1Department of Anthropology, University of Toronto, 2Department of Anatomy, Midwestern University, 3Center for the Advanced Study of Hominid Paleobiology, Department of Anthropology, The George Washington University, 4Human Origins Program, National Museum of Natural History, Smithsonian Institution, Washington, DC
Saturday 1:45-2:00, Galleria North
Muscle attachment sites are often used to reconstruct the lifestyles and activity patterns of past populations, but little is known about how activity patterns influence the development of muscles and the morphology of their bone insertions. The main goal of this project was to explore this relationship by testing how activity influenced the morphological development of the deltoids and pectoralis muscles and the corresponding deltoid tuberosity in wild-type mice subjected to three experimental activity patterns: sedentary-control, activity-wheel running, and activity-climbing. Each mouse (four- and seven-week-old at the start) received three vital fluorescent bone-labeling dyes (alizarin, DCAF, xylenol) at two-week intervals over an eleven-week period to allow for histological examination and calculation of bone growth rates underlying the deltoid attachment site. After the experiment, the muscles were weighted, fiber and sarcomere lengths were calculated and humeri were cleaned, digitally photographed, and 100-micron thick cross-sections at the deltoid tuberosity were prepared for histological analysis. Analysis of sarcomere length and muscle weight indicate that wheel-running mice had greater overall excursion, especially in the pectoralis muscles, while the climbing mice had greater deltoid muscle stretch advantage compared with the sedentary mice.
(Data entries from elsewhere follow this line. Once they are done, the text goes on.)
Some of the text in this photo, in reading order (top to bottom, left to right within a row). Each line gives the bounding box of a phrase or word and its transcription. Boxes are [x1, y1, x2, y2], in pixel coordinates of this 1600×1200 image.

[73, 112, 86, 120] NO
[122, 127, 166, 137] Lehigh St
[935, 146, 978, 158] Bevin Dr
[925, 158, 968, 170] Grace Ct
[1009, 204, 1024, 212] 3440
The rate of bone growth was significantly greater in wheel-running mice than the other groups. However, the climbing mice showed more histologic variation in bone growth remodeling (e.g. evidence of drifting osteons). Results contribute to a better understanding of how muscle and bone interact throughout their development and improve our ability to interpret behavior from human and non-human primate skeletal remains.
This study was funded by Wenner-Gren Foundation Dissertation Fieldwork Grants to KR and DG, NSF Doctoral Dissertation Improvement Grant BCS-0824552, NSF DGE-0801634, and GW Academic Excellence funding to the Center for the Advanced Study of Hominid Paleobiology.